-------- Extracted records --------

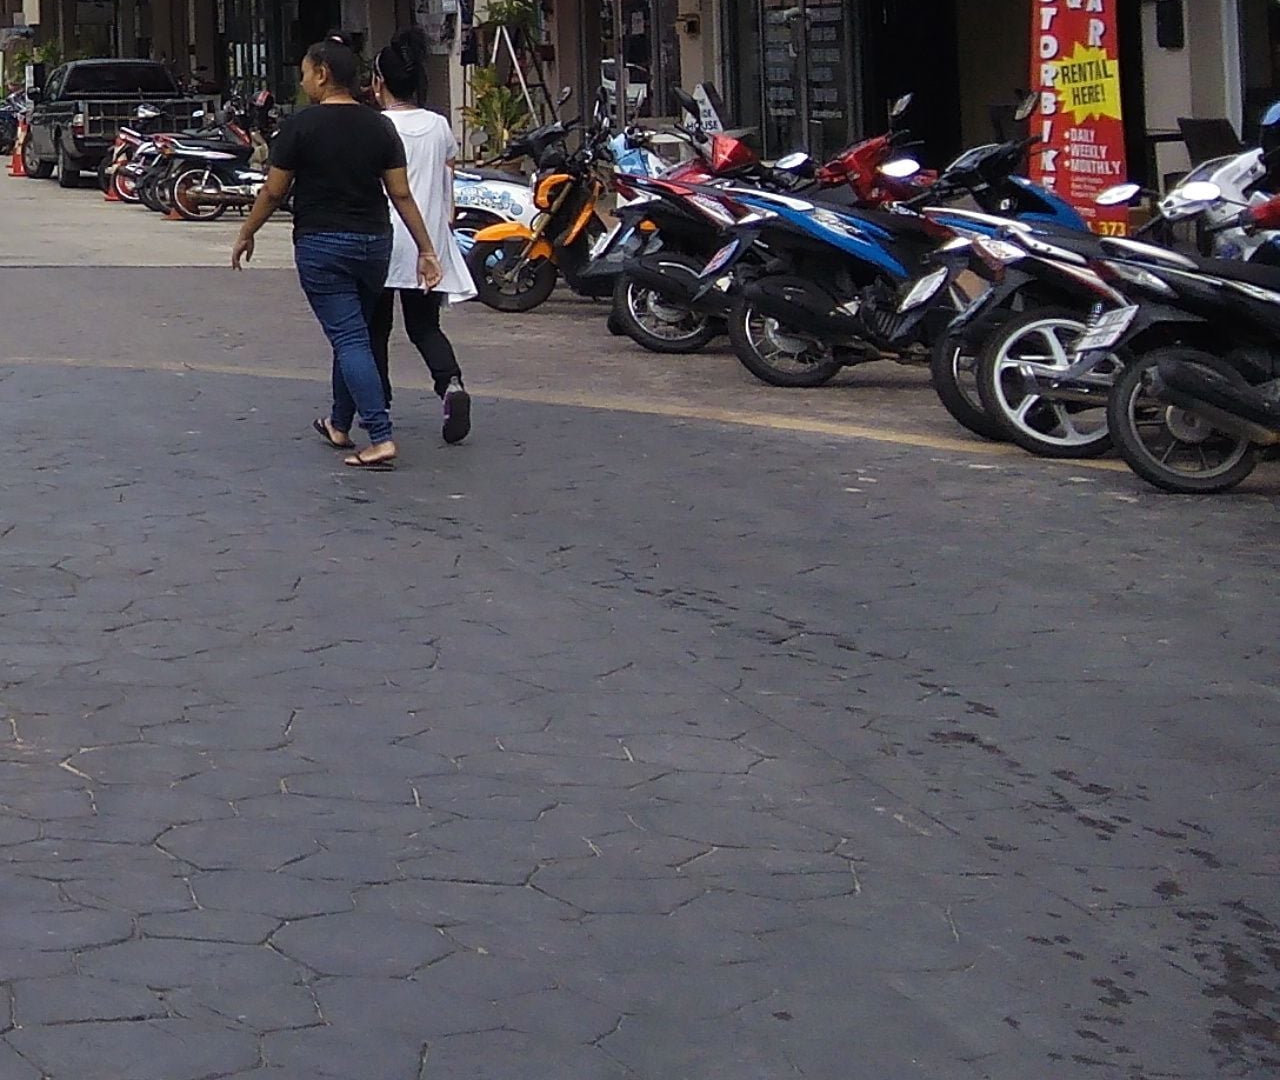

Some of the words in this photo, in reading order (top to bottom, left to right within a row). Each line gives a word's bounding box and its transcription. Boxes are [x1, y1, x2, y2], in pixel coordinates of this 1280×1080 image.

[1061, 59, 1114, 85] RENTAL
[1072, 83, 1106, 107] HERE!
[1070, 128, 1095, 142] DAILY
[1070, 143, 1107, 159] WEEKLY
[1070, 158, 1121, 175] MONTHLY
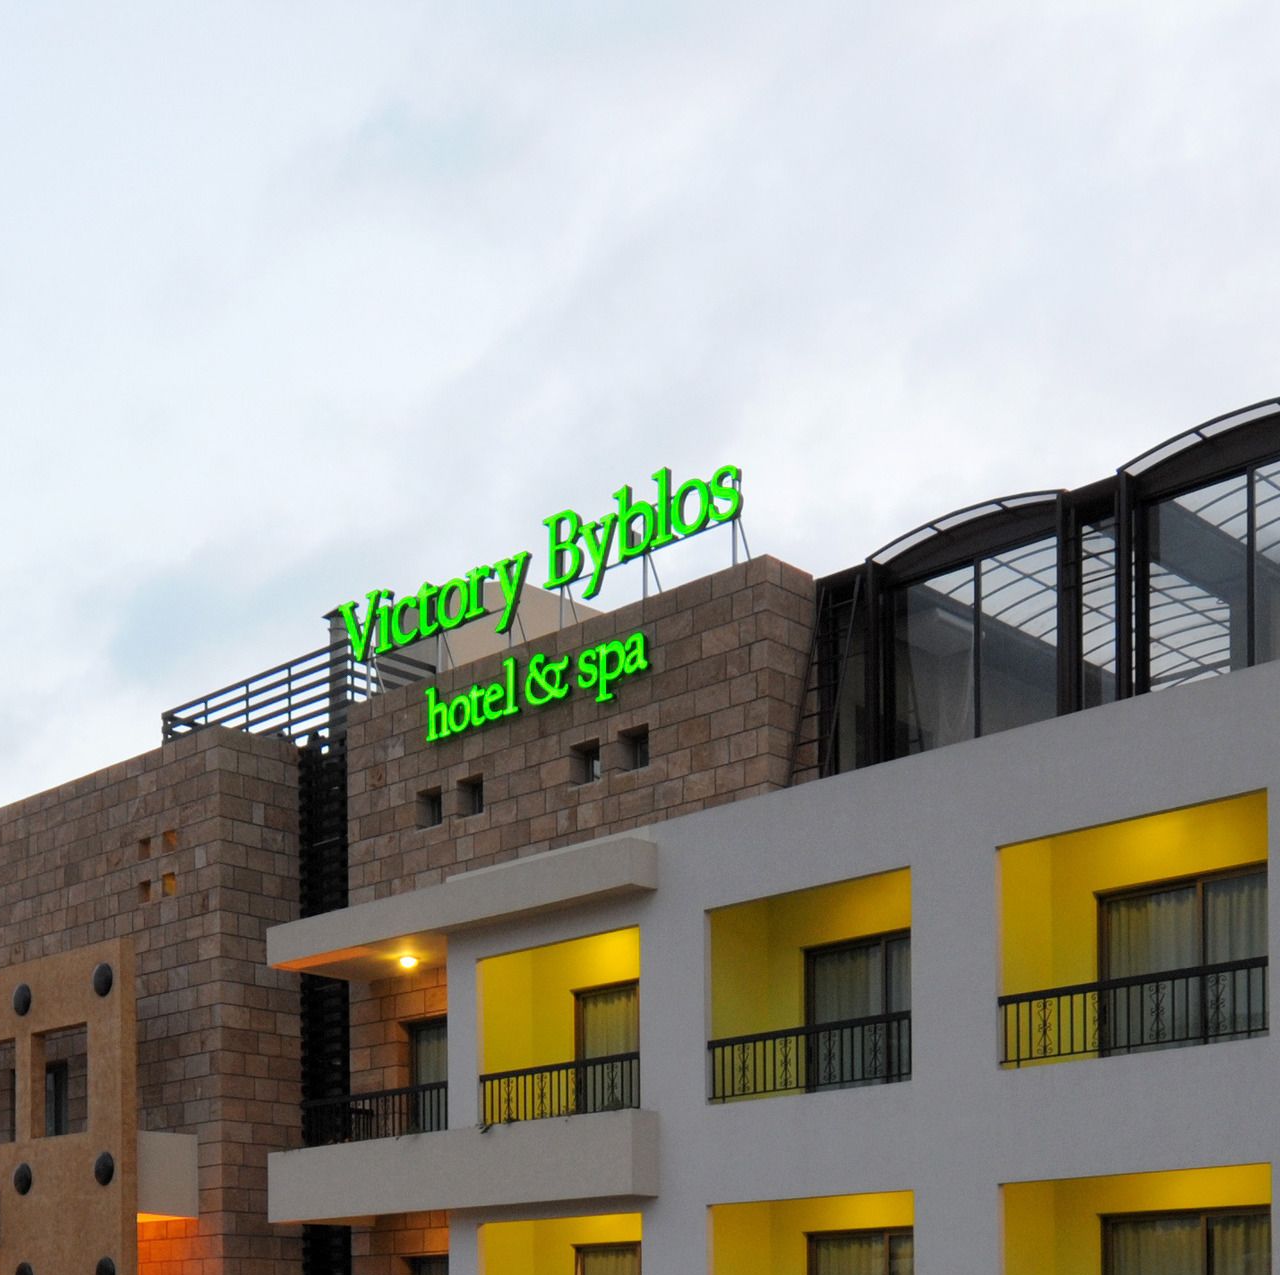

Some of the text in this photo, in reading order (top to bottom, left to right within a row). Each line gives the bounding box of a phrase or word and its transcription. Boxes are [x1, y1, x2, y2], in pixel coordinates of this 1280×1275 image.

[337, 465, 742, 664] Victory Byblos
[423, 630, 649, 744] hotel & spa
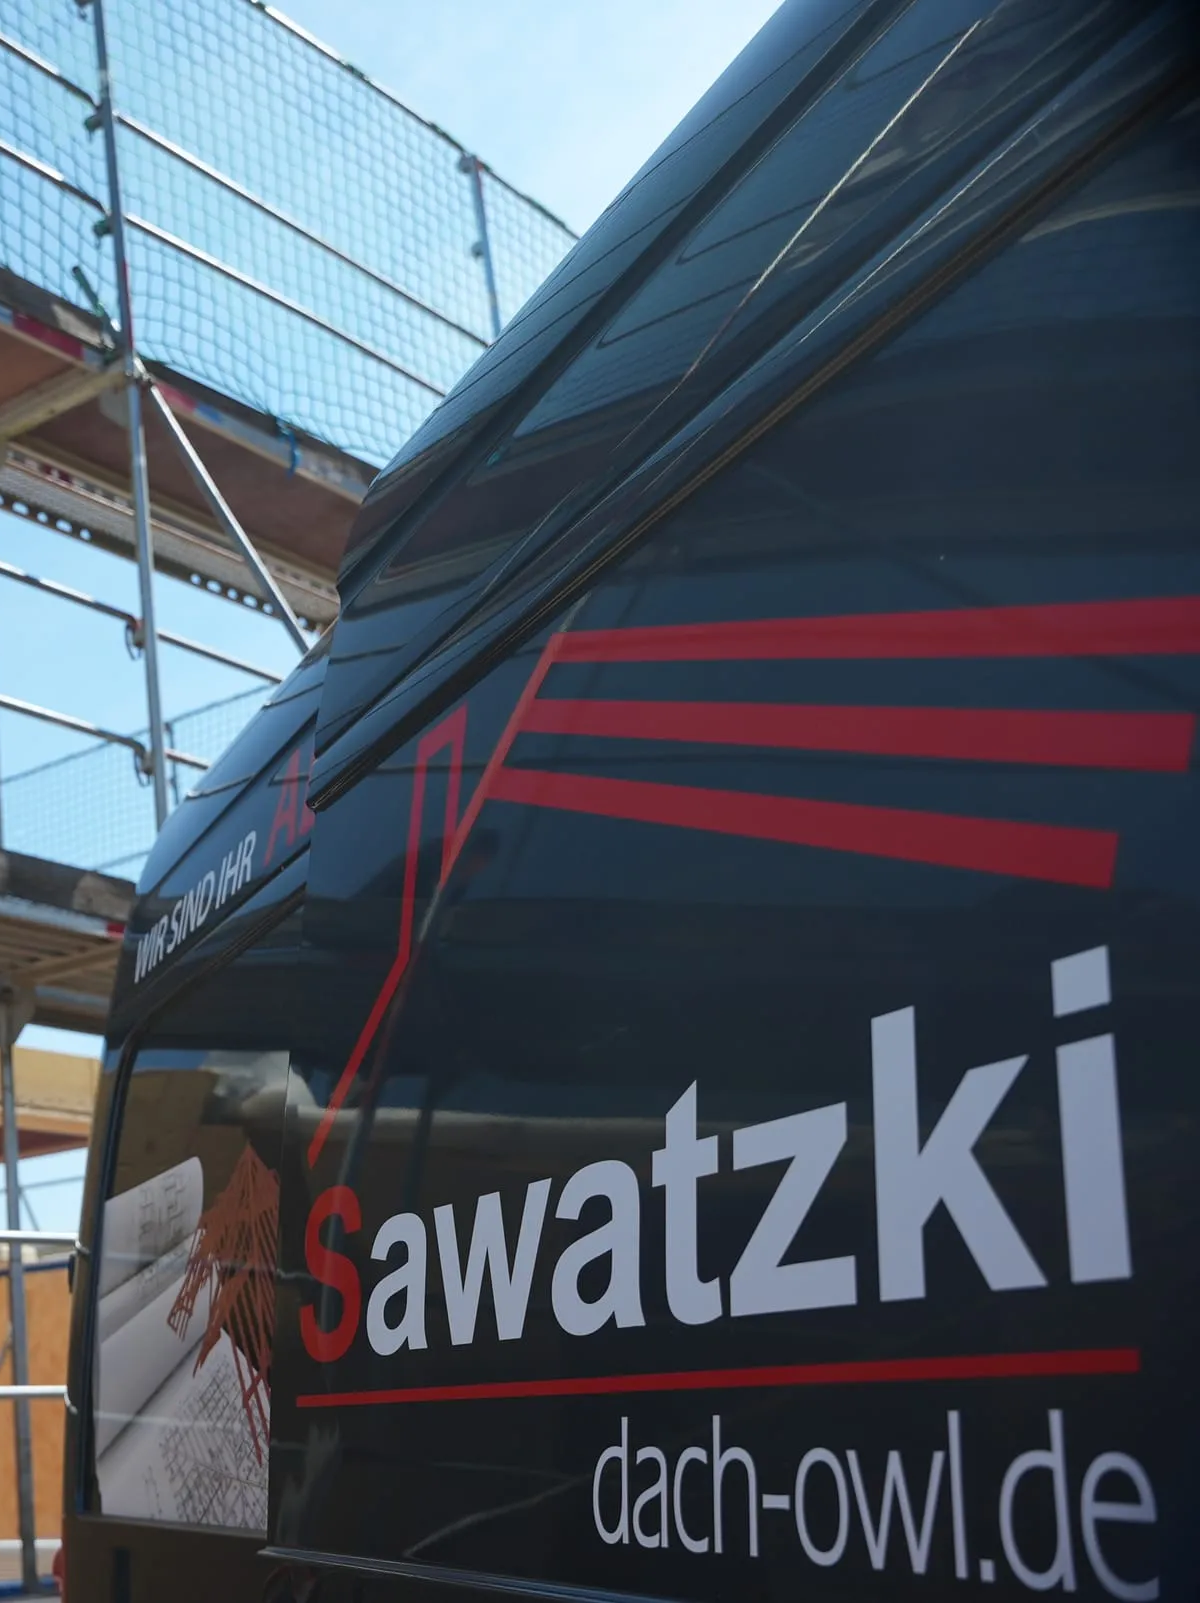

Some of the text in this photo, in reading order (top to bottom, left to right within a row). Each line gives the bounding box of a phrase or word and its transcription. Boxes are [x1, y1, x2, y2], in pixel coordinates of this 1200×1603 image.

[134, 914, 169, 984] WIR
[166, 870, 215, 954] SIND
[215, 830, 257, 910] IHR
[299, 945, 1133, 1363] Sawatzki
[592, 1409, 1160, 1601] dach-owl.de

--------

Work required: Using the records above, write out exactly the lines from the one containing "this 1200×1603 image." through the last, and add nothing.

Solution for this exercise:
Some of the text in this photo, in reading order (top to bottom, left to right within a row). Each line gives the bounding box of a phrase or word and its transcription. Boxes are [x1, y1, x2, y2], in pixel coordinates of this 1200×1603 image.

[134, 914, 169, 984] WIR
[166, 870, 215, 954] SIND
[215, 830, 257, 910] IHR
[299, 945, 1133, 1363] Sawatzki
[592, 1409, 1160, 1601] dach-owl.de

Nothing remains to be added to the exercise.